(Exercise directions)
Every single entry must be reproduced precisely.

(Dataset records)
....

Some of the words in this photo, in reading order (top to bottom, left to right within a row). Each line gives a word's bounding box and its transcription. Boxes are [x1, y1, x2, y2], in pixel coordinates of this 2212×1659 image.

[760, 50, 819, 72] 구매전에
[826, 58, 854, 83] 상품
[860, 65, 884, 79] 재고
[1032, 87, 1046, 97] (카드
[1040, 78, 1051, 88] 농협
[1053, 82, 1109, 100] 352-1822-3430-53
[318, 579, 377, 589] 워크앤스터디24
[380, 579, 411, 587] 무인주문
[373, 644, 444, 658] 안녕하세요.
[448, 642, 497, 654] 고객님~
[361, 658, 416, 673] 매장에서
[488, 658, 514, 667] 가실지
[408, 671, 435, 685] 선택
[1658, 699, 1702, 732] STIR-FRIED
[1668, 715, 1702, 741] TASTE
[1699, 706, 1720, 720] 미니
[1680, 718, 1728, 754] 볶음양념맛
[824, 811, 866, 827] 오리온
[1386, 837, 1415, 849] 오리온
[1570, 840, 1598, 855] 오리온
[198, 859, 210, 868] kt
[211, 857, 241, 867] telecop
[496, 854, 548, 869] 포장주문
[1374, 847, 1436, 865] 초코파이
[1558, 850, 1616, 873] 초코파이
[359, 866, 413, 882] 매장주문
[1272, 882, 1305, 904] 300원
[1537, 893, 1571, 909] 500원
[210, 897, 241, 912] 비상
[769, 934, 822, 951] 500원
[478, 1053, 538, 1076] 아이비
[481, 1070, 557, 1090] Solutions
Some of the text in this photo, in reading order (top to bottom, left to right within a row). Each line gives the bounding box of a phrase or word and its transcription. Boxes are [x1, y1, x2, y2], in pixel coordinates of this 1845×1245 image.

....

(Expected output)
Some of the words in this photo, in reading order (top to bottom, left to right within a row). Each line gives a word's bounding box and its transcription. Boxes are [x1, y1, x2, y2], in pixel coordinates of this 2212×1659 image.

[760, 50, 819, 72] 구매전에
[826, 58, 854, 83] 상품
[860, 65, 884, 79] 재고
[1032, 87, 1046, 97] (카드
[1040, 78, 1051, 88] 농협
[1053, 82, 1109, 100] 352-1822-3430-53
[318, 579, 377, 589] 워크앤스터디24
[380, 579, 411, 587] 무인주문
[373, 644, 444, 658] 안녕하세요.
[448, 642, 497, 654] 고객님~
[361, 658, 416, 673] 매장에서
[488, 658, 514, 667] 가실지
[408, 671, 435, 685] 선택
[1658, 699, 1702, 732] STIR-FRIED
[1668, 715, 1702, 741] TASTE
[1699, 706, 1720, 720] 미니
[1680, 718, 1728, 754] 볶음양념맛
[824, 811, 866, 827] 오리온
[1386, 837, 1415, 849] 오리온
[1570, 840, 1598, 855] 오리온
[198, 859, 210, 868] kt
[211, 857, 241, 867] telecop
[496, 854, 548, 869] 포장주문
[1374, 847, 1436, 865] 초코파이
[1558, 850, 1616, 873] 초코파이
[359, 866, 413, 882] 매장주문
[1272, 882, 1305, 904] 300원
[1537, 893, 1571, 909] 500원
[210, 897, 241, 912] 비상
[769, 934, 822, 951] 500원
[478, 1053, 538, 1076] 아이비
[481, 1070, 557, 1090] Solutions
Some of the text in this photo, in reading order (top to bottom, left to right within a row). Each line gives the bounding box of a phrase or word and its transcription. Boxes are [x1, y1, x2, y2], in pixel coordinates of this 1845×1245 image.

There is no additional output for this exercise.